Saved data entries:

Content starts

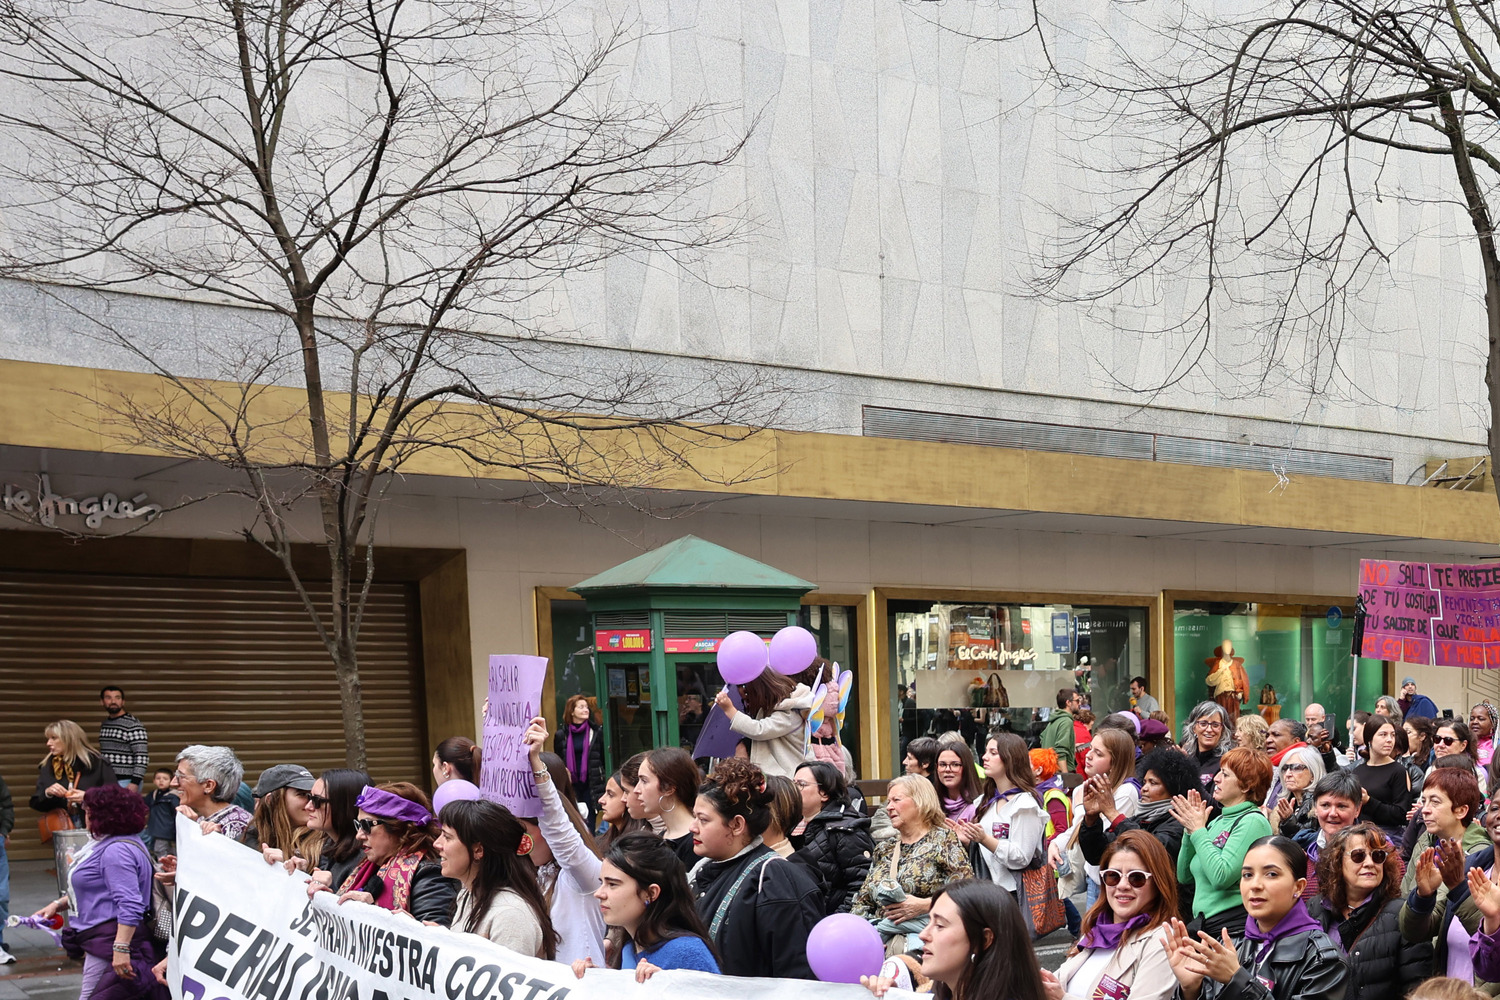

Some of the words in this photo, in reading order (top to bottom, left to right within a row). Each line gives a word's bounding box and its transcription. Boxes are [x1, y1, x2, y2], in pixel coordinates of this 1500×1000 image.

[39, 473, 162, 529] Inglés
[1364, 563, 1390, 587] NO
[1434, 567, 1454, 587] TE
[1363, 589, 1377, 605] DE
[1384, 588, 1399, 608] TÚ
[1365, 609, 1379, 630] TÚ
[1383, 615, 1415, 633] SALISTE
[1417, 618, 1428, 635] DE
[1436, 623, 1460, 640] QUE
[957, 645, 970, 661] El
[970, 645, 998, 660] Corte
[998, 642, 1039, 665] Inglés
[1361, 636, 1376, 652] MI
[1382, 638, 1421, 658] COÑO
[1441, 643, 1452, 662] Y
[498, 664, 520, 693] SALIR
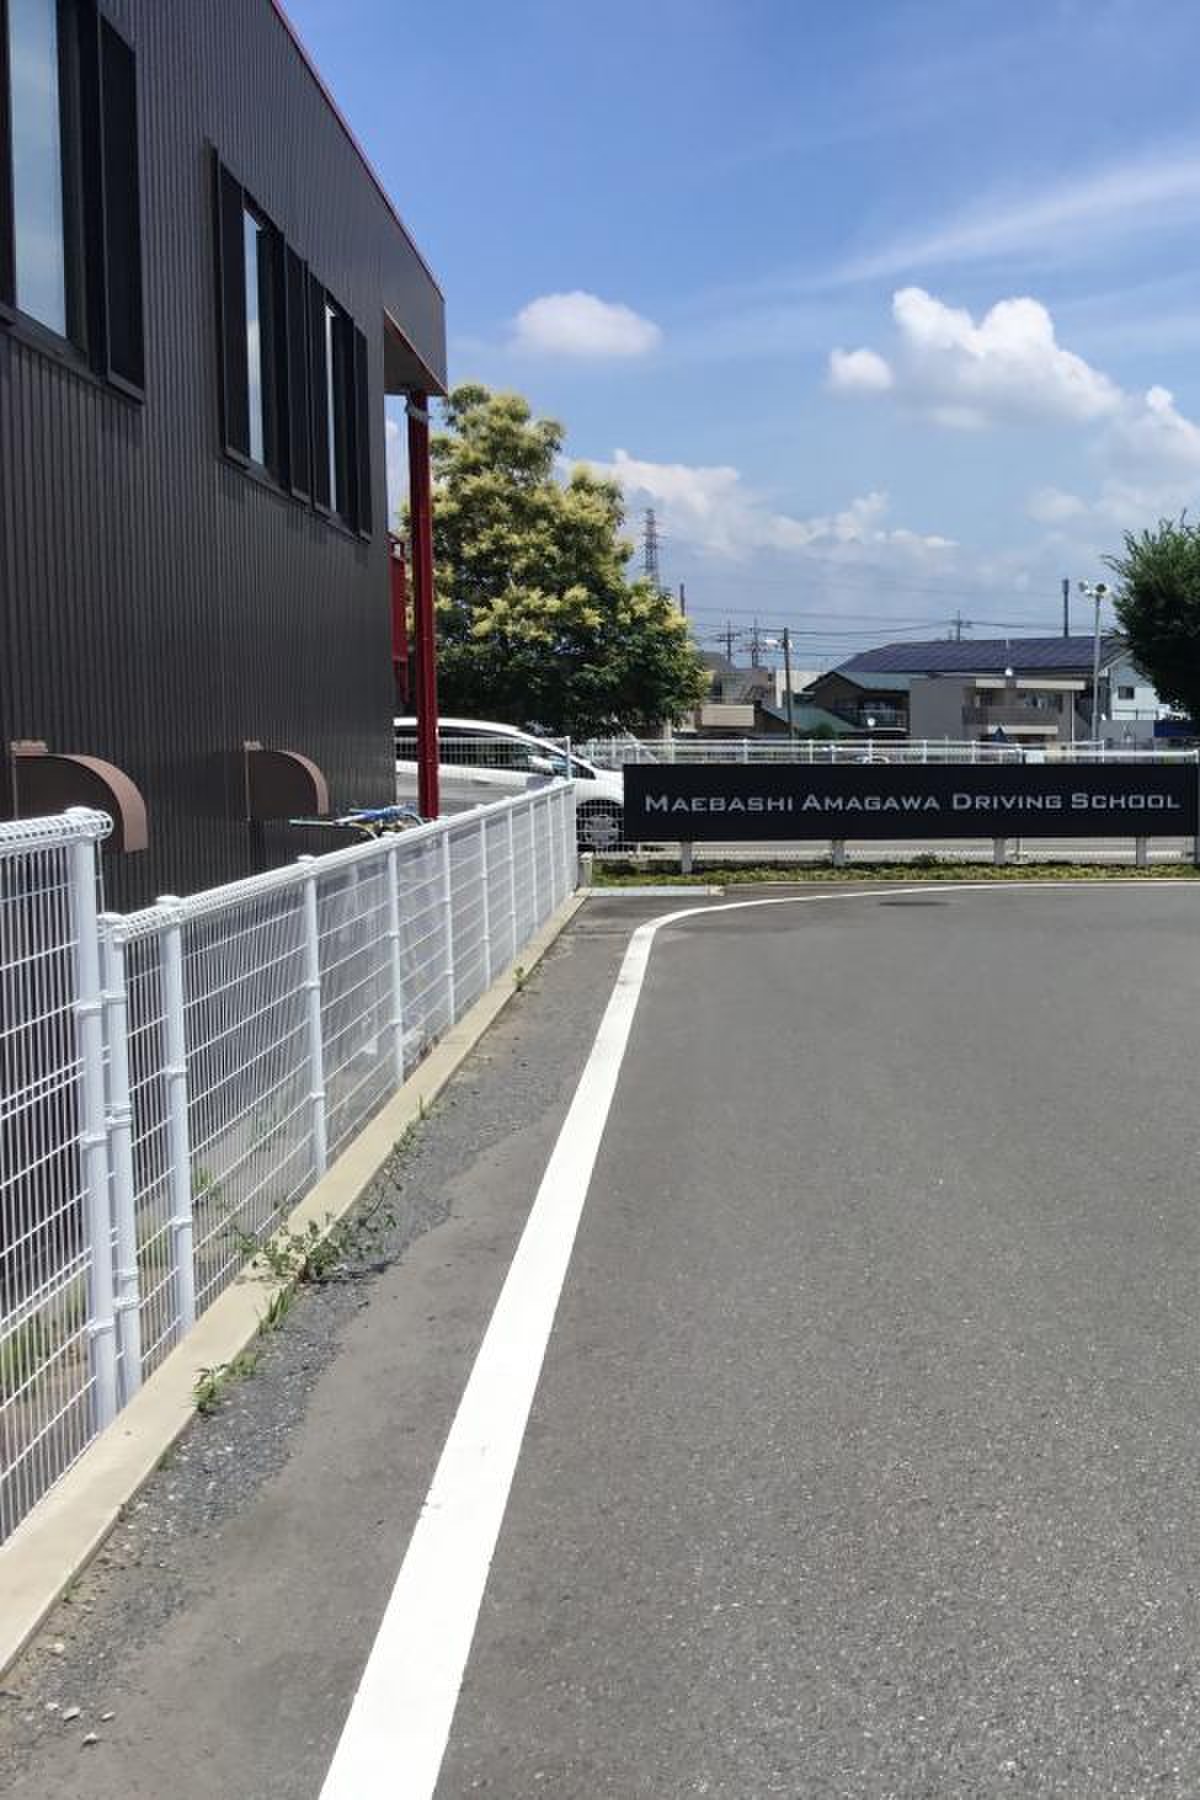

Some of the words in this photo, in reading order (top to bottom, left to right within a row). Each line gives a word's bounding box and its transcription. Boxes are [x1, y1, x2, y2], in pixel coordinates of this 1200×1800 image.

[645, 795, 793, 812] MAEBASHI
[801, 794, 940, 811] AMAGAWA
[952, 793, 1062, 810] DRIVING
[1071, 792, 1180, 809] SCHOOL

Content ends

* **What is needed**: Restate every line above word for word. Do not carry over the images.

* **Reply to the exercise**:
Some of the words in this photo, in reading order (top to bottom, left to right within a row). Each line gives a word's bounding box and its transcription. Boxes are [x1, y1, x2, y2], in pixel coordinates of this 1500×1000 image.

[39, 473, 162, 529] Inglés
[1364, 563, 1390, 587] NO
[1434, 567, 1454, 587] TE
[1363, 589, 1377, 605] DE
[1384, 588, 1399, 608] TÚ
[1365, 609, 1379, 630] TÚ
[1383, 615, 1415, 633] SALISTE
[1417, 618, 1428, 635] DE
[1436, 623, 1460, 640] QUE
[957, 645, 970, 661] El
[970, 645, 998, 660] Corte
[998, 642, 1039, 665] Inglés
[1361, 636, 1376, 652] MI
[1382, 638, 1421, 658] COÑO
[1441, 643, 1452, 662] Y
[498, 664, 520, 693] SALIR

Some of the words in this photo, in reading order (top to bottom, left to right within a row). Each line gives a word's bounding box and its transcription. Boxes are [x1, y1, x2, y2], in pixel coordinates of this 1200×1800 image.

[645, 795, 793, 812] MAEBASHI
[801, 794, 940, 811] AMAGAWA
[952, 793, 1062, 810] DRIVING
[1071, 792, 1180, 809] SCHOOL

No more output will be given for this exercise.